▶ [Exercise input]

=== Section Start ===

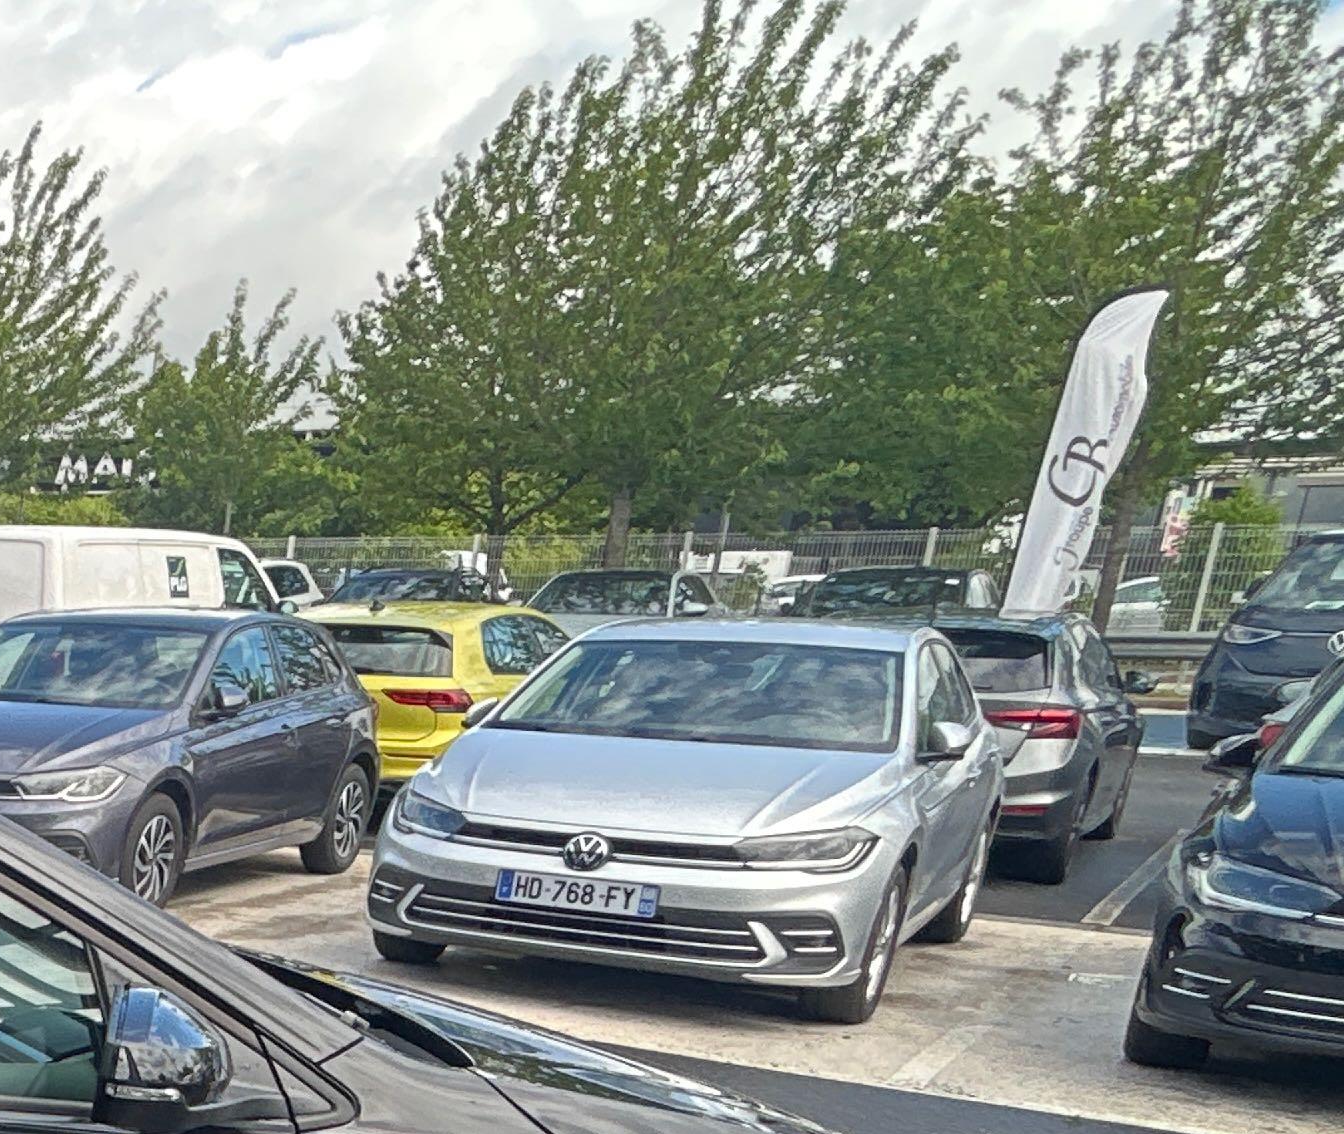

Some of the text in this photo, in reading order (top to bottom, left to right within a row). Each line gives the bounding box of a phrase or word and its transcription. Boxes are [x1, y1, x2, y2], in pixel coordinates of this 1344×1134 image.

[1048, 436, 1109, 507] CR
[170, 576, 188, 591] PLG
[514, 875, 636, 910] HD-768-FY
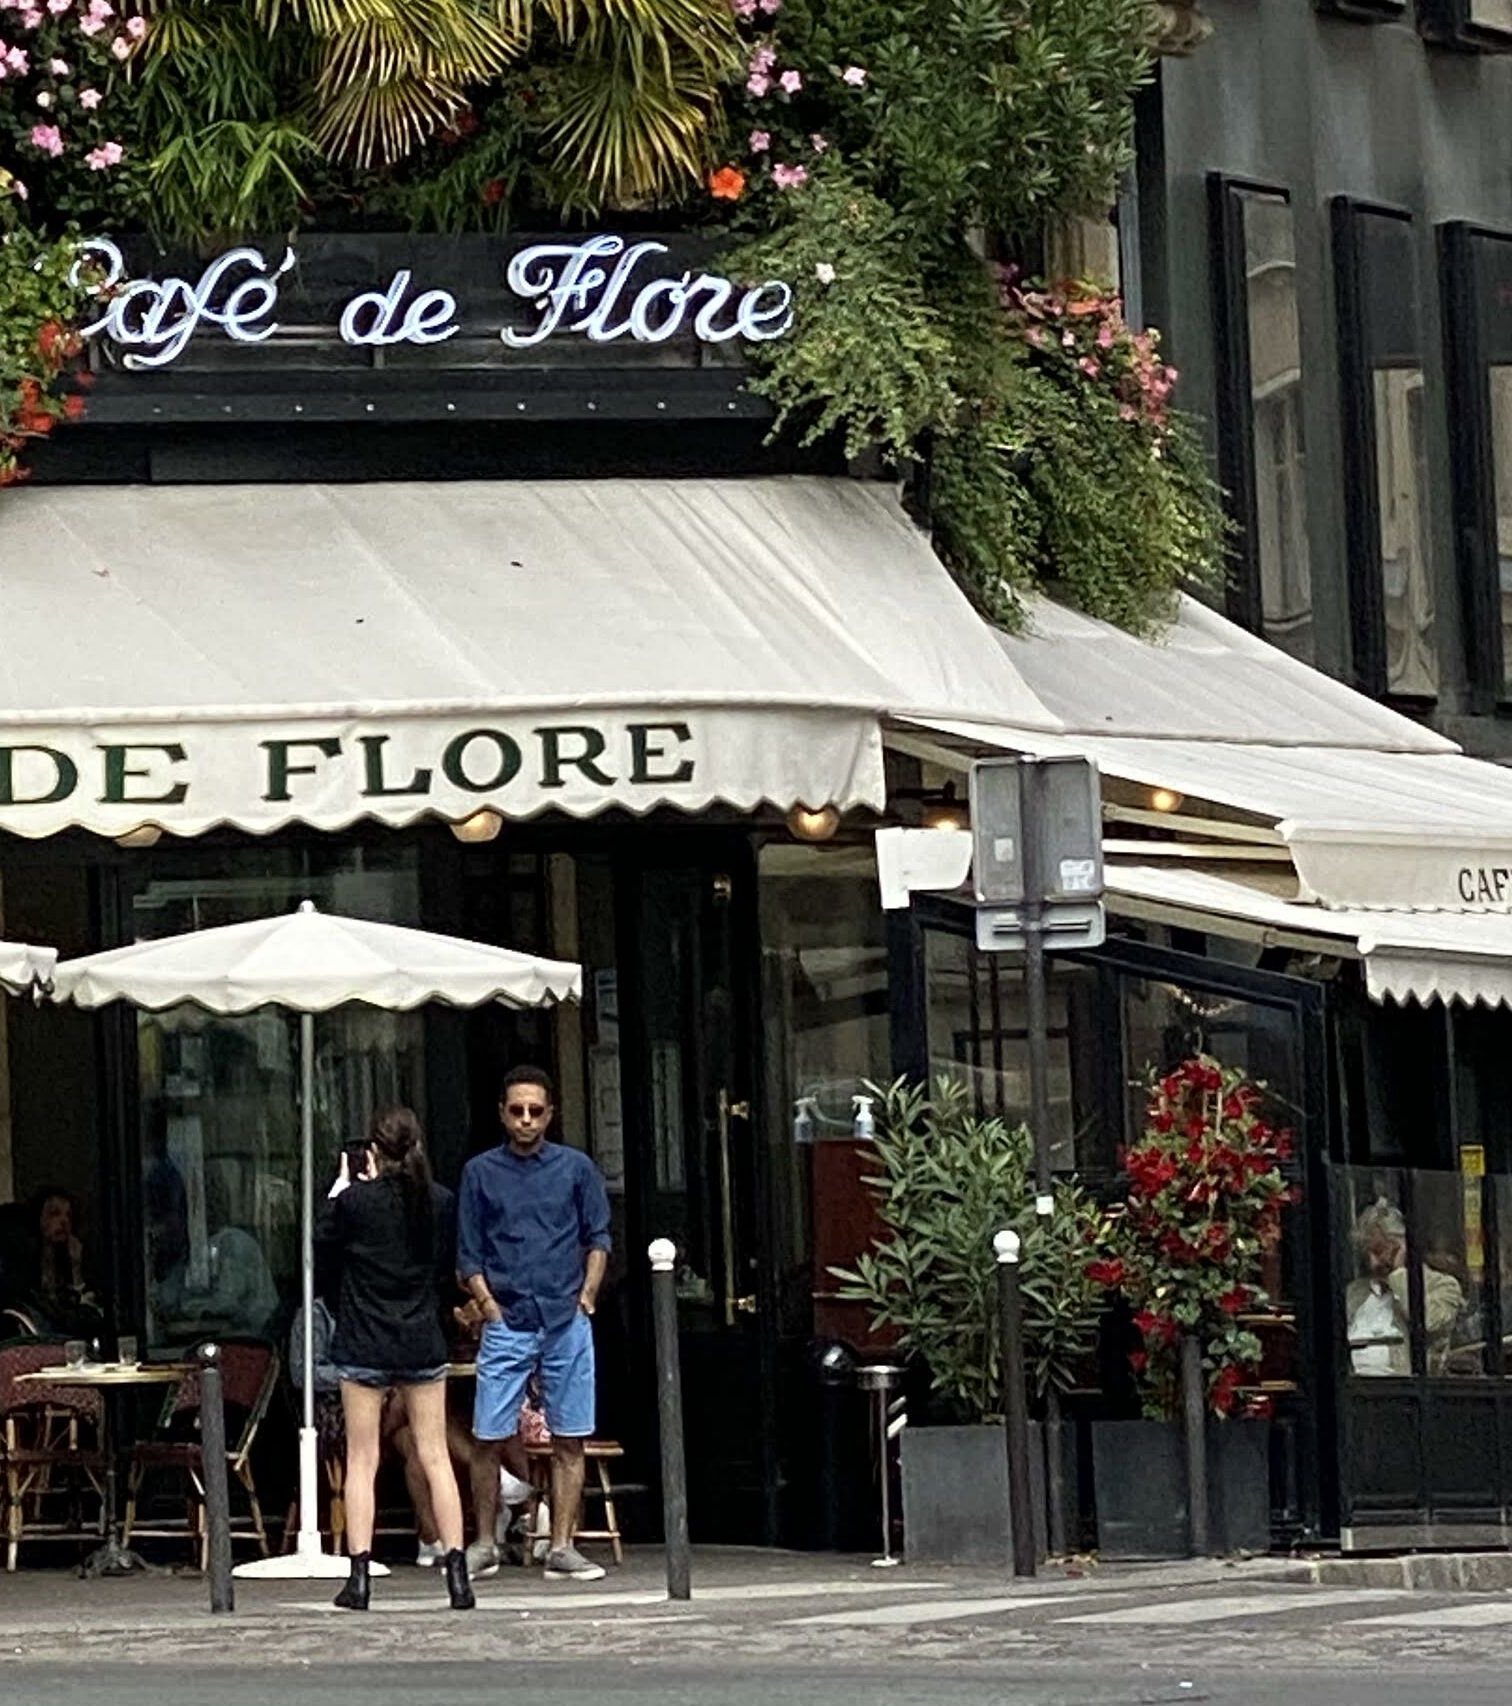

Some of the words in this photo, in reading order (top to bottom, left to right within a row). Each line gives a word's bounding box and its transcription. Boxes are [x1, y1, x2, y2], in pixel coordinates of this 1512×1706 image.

=== Section End ===

▶ [Your instructions]
Return every entry exactly, dropping the pictures.

▶ [Output of the task]
Some of the text in this photo, in reading order (top to bottom, left to right within a row). Each line gives the bounding box of a phrase or word and its transcription. Boxes are [x1, y1, x2, y2], in pixel coordinates of this 1344×1134 image.

[1048, 436, 1109, 507] CR
[170, 576, 188, 591] PLG
[514, 875, 636, 910] HD-768-FY

Some of the words in this photo, in reading order (top to bottom, left to right within a row). Each line gives a word's bounding box and its transcription. Boxes are [x1, y1, x2, y2], in pixel coordinates of this 1512×1706 image.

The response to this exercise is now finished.